- **TRY IT**
The expected result is the full listing, retyped exactly, without a single picture.

- **ENTRIES SUPPLIED**
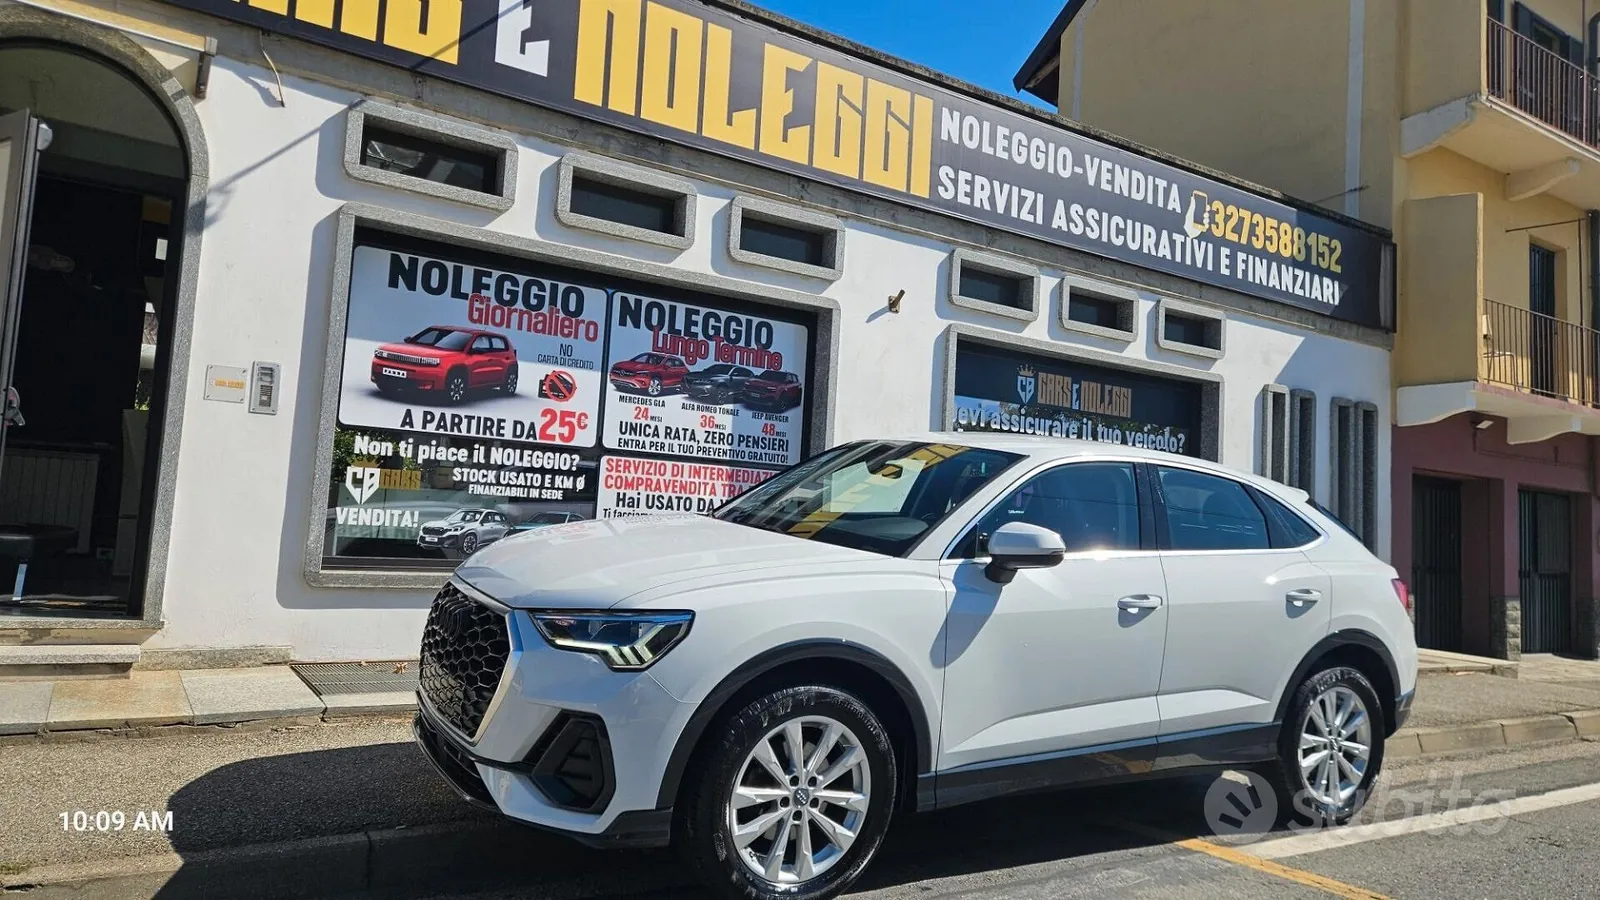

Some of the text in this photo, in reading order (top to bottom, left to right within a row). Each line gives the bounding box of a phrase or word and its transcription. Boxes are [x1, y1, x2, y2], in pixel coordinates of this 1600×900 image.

[574, 0, 934, 199] NOLEGGI
[939, 107, 1343, 274] NOLEGGIO-VENDITA 3273588152
[938, 164, 1340, 306] SERVIZI ASSICURATIVI E FINANZIARI
[388, 253, 585, 319] NOLEGGIO
[467, 292, 599, 343] Giornaliero
[618, 295, 774, 350] NOLEGGIO
[559, 343, 574, 358] NO
[651, 325, 783, 371] Lungo Termine
[537, 353, 594, 370] CARTA DI CREDITO
[618, 394, 666, 408] MERCEDES GLA
[681, 402, 696, 411] ALFA
[696, 404, 718, 414] ROMEO
[633, 406, 650, 421] 24
[699, 414, 716, 429] 36
[751, 411, 765, 420] JEEP
[400, 407, 589, 443] A PARTIRE DA 25€
[761, 422, 776, 437] 48
[990, 408, 1079, 440] assicurare
[1082, 417, 1093, 441] il
[1097, 423, 1122, 445] tuo
[1126, 426, 1186, 454] veicolo?
[618, 420, 790, 453] UNICA RATA, ZERO PENSIERI
[353, 434, 580, 471] Non ti piace il NOLEGGIO?
[617, 437, 789, 464] ENTRA PER IL TUO PREVENTIVO GRATUITO!
[452, 467, 498, 485] STOCK
[500, 470, 542, 487] USATO
[544, 474, 552, 488] E
[554, 475, 574, 489] KM
[605, 457, 668, 477] SERVIZIO
[670, 463, 686, 479] DI
[468, 484, 564, 500] FINANZIABILI IN SEDE
[603, 474, 744, 498] COMPRAVENDITA TRA
[615, 491, 715, 513] Hai USATO DA
[335, 506, 420, 528] VENDITA!
[602, 508, 611, 519] Ti
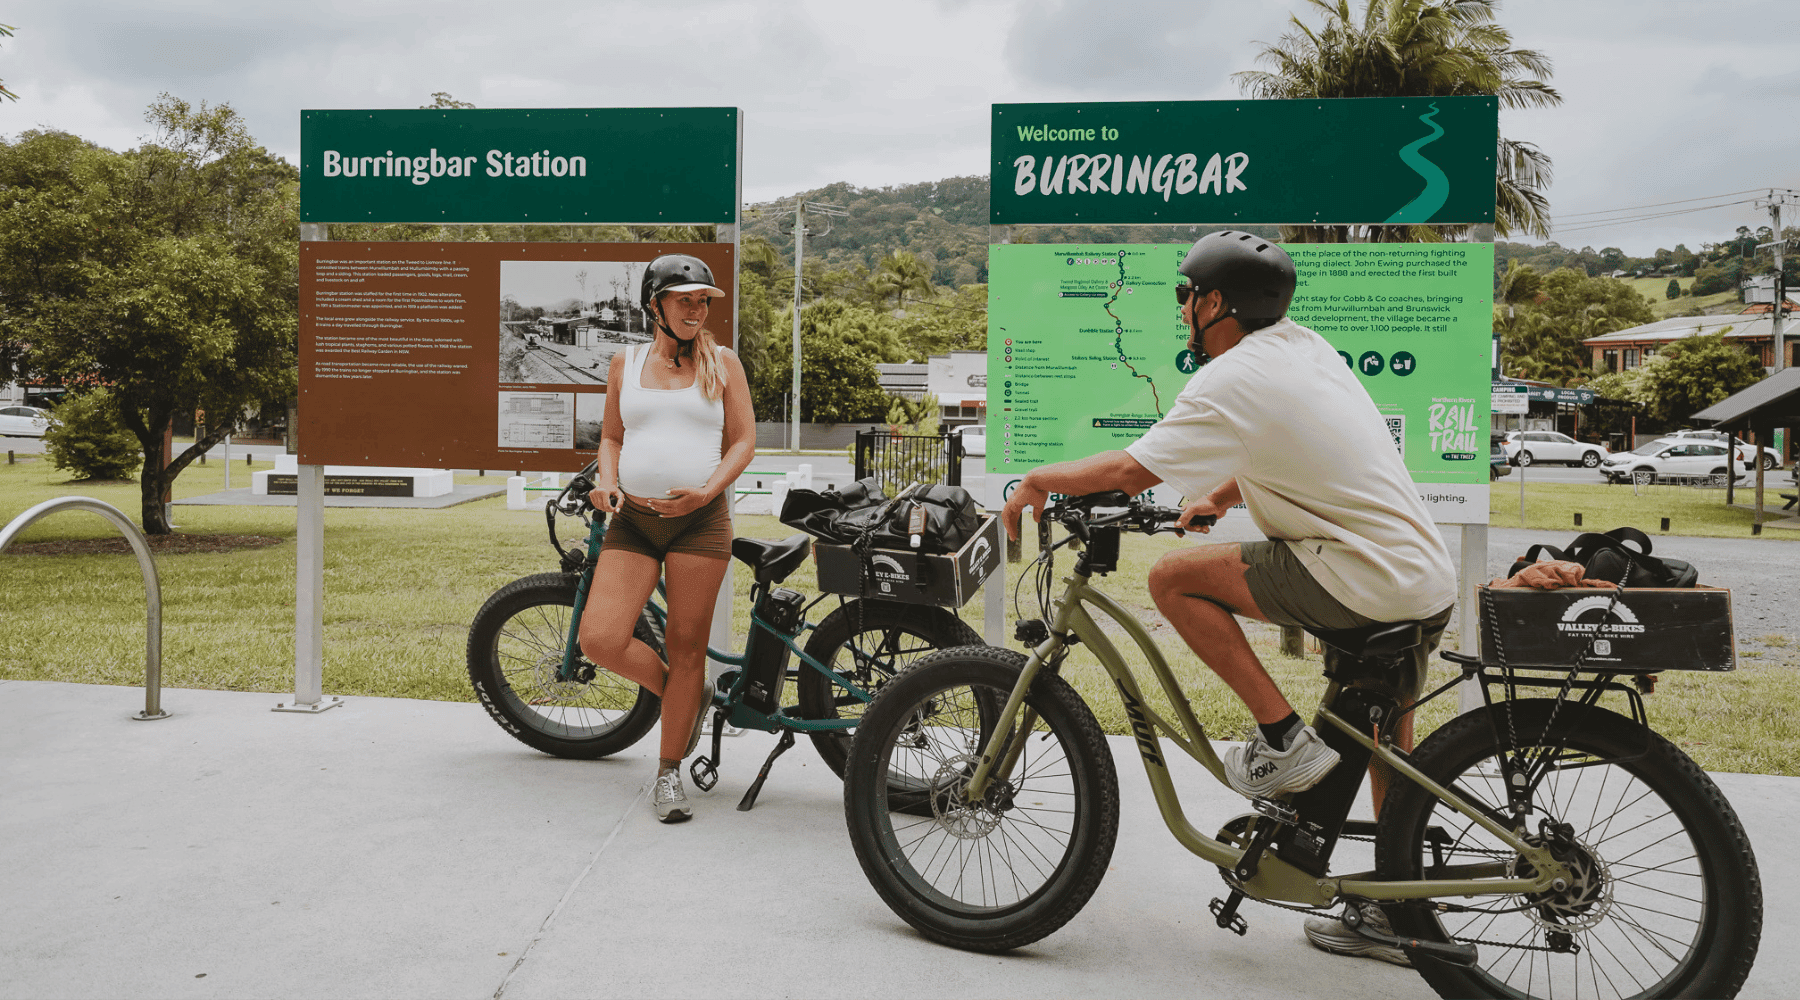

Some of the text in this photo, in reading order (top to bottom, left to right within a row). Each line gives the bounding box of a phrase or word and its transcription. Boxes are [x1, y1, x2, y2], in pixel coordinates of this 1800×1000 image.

[1017, 124, 1119, 142] Welcome to
[323, 148, 587, 185] Burringbar Station
[1013, 151, 1250, 202] BURRINGBAR
[1319, 250, 1340, 259] place
[1369, 250, 1428, 259] non-returning
[1431, 250, 1465, 258] fighting
[1378, 260, 1403, 268] Ewing
[1406, 259, 1450, 268] purchased
[1311, 295, 1327, 304] stay
[1389, 295, 1424, 304] coaches,
[1427, 295, 1463, 304] bringing
[1312, 315, 1368, 323] development,
[1387, 314, 1414, 323] village
[1371, 325, 1389, 334] 1,100
[1392, 325, 1422, 333] people.
[1428, 403, 1479, 432] RAIL
[1429, 429, 1479, 452] TRAIL
[1427, 493, 1467, 504] lighting.
[1556, 623, 1645, 632] VALLEY E-BIKES
[476, 681, 521, 734] KENDA
[1250, 761, 1278, 781] HOKA

- **SOLUTION BELOW**
Some of the text in this photo, in reading order (top to bottom, left to right within a row). Each line gives the bounding box of a phrase or word and its transcription. Boxes are [x1, y1, x2, y2], in pixel coordinates of this 1600×900 image.

[574, 0, 934, 199] NOLEGGI
[939, 107, 1343, 274] NOLEGGIO-VENDITA 3273588152
[938, 164, 1340, 306] SERVIZI ASSICURATIVI E FINANZIARI
[388, 253, 585, 319] NOLEGGIO
[467, 292, 599, 343] Giornaliero
[618, 295, 774, 350] NOLEGGIO
[559, 343, 574, 358] NO
[651, 325, 783, 371] Lungo Termine
[537, 353, 594, 370] CARTA DI CREDITO
[618, 394, 666, 408] MERCEDES GLA
[681, 402, 696, 411] ALFA
[696, 404, 718, 414] ROMEO
[633, 406, 650, 421] 24
[699, 414, 716, 429] 36
[751, 411, 765, 420] JEEP
[400, 407, 589, 443] A PARTIRE DA 25€
[761, 422, 776, 437] 48
[990, 408, 1079, 440] assicurare
[1082, 417, 1093, 441] il
[1097, 423, 1122, 445] tuo
[1126, 426, 1186, 454] veicolo?
[618, 420, 790, 453] UNICA RATA, ZERO PENSIERI
[353, 434, 580, 471] Non ti piace il NOLEGGIO?
[617, 437, 789, 464] ENTRA PER IL TUO PREVENTIVO GRATUITO!
[452, 467, 498, 485] STOCK
[500, 470, 542, 487] USATO
[544, 474, 552, 488] E
[554, 475, 574, 489] KM
[605, 457, 668, 477] SERVIZIO
[670, 463, 686, 479] DI
[468, 484, 564, 500] FINANZIABILI IN SEDE
[603, 474, 744, 498] COMPRAVENDITA TRA
[615, 491, 715, 513] Hai USATO DA
[335, 506, 420, 528] VENDITA!
[602, 508, 611, 519] Ti

Some of the text in this photo, in reading order (top to bottom, left to right within a row). Each line gives the bounding box of a phrase or word and its transcription. Boxes are [x1, y1, x2, y2], in pixel coordinates of this 1800×1000 image.

[1017, 124, 1119, 142] Welcome to
[323, 148, 587, 185] Burringbar Station
[1013, 151, 1250, 202] BURRINGBAR
[1319, 250, 1340, 259] place
[1369, 250, 1428, 259] non-returning
[1431, 250, 1465, 258] fighting
[1378, 260, 1403, 268] Ewing
[1406, 259, 1450, 268] purchased
[1311, 295, 1327, 304] stay
[1389, 295, 1424, 304] coaches,
[1427, 295, 1463, 304] bringing
[1312, 315, 1368, 323] development,
[1387, 314, 1414, 323] village
[1371, 325, 1389, 334] 1,100
[1392, 325, 1422, 333] people.
[1428, 403, 1479, 432] RAIL
[1429, 429, 1479, 452] TRAIL
[1427, 493, 1467, 504] lighting.
[1556, 623, 1645, 632] VALLEY E-BIKES
[476, 681, 521, 734] KENDA
[1250, 761, 1278, 781] HOKA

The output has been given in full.